I was walking down the street with – she’s not my mother, but she’s a mother figure. She’s about 65, and we ran into this other friend of mine. And this friend – he’s a lovely person. And he looked her in the eyes and shook her hand and said, ‘Hi, nice to meet you,’ and we talked, and when he left, she was so excited: ‘I can’t believe he looked me in the eye. I can’t believe he saw me.’”

Norah Sadava, one half of my iPad screen, takes a sip of her coffee. She

and Amy Nostbakken, the other half of my screen, are Quote Unquote Collective, and they’re taking a break from recording music for the film adaptation of their international hit play Mouthpiece to Skype with me about their new work, Now You See Her.

Sadava continues, “Because so often when you’re around young people, they don’t see you.
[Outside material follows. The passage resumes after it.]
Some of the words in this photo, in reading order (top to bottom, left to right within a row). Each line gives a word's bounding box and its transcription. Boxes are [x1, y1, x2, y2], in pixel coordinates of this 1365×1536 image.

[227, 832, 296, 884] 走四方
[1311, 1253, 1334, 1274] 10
You’re just this general wash, you’re the background.”

Nostbakken, nodding in agreement, tells me that the 65-ish character in their play, Joanne, is a journalist being given a lifetime achievement award, which comes with the unspoken message that she is to stop working and age gently out of sight. To become, after an accomplished life, part of the wash, part of the background.

Now You See Her is about all the insidious ways women fade away, get talked over, get written out, and disappear into the ether.
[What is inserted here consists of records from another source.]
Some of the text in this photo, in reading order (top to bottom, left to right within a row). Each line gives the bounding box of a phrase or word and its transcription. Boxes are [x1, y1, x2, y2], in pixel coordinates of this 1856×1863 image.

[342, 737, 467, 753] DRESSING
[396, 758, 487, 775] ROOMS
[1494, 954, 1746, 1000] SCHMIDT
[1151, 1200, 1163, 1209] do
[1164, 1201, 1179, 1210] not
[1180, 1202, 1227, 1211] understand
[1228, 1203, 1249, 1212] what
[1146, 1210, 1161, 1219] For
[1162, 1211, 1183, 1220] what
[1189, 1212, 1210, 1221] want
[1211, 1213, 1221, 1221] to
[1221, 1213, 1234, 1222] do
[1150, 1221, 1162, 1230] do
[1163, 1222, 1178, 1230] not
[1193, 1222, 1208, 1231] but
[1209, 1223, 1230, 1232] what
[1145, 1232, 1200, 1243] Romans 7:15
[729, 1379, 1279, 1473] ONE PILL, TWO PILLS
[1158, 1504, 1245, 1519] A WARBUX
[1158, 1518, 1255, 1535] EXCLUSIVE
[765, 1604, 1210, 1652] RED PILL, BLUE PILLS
There are so many roads to vanish down while womaning, and Nostbakken and Sadava are walking them with a diverse team of collaborators to create their work. Initially conceived as a three-hander, Now You See Her’s scope has grown to include six actors. Characters include a scientist who is being written out of her own research; a new mother sucked into isolation, postpartum depression, and an eating disorder; a pop star pressured by the music industry to perform a version Blackness for white audiences at the expense of her real identity; and an exceptional Indigenous woman whose disappearance is, Nostbakken says, “quite obvious and literal.”

Quote Unquote’s three-year process has been extremely collaborative, and their team members have driven the collective development of the piece and their characters’ arcs. They’ve also invited outside eyes into the studio with the hope that no particular actor would have to feel the weight of speaking for their entire culture or community, or telling a disappearance story that felt like a dangerous trope. Each of the characters is painted by the experiences of the woman developing her, and her behaviours, her movements, her relationships are discussed in the room.

In a cast of vanished, invisible, and disappearing women, the conspicuously absent parties are men. I ask Nostbakken and Sadava whether they think men are responsible for the erasure of women. The question leads to an uncomfortable pause.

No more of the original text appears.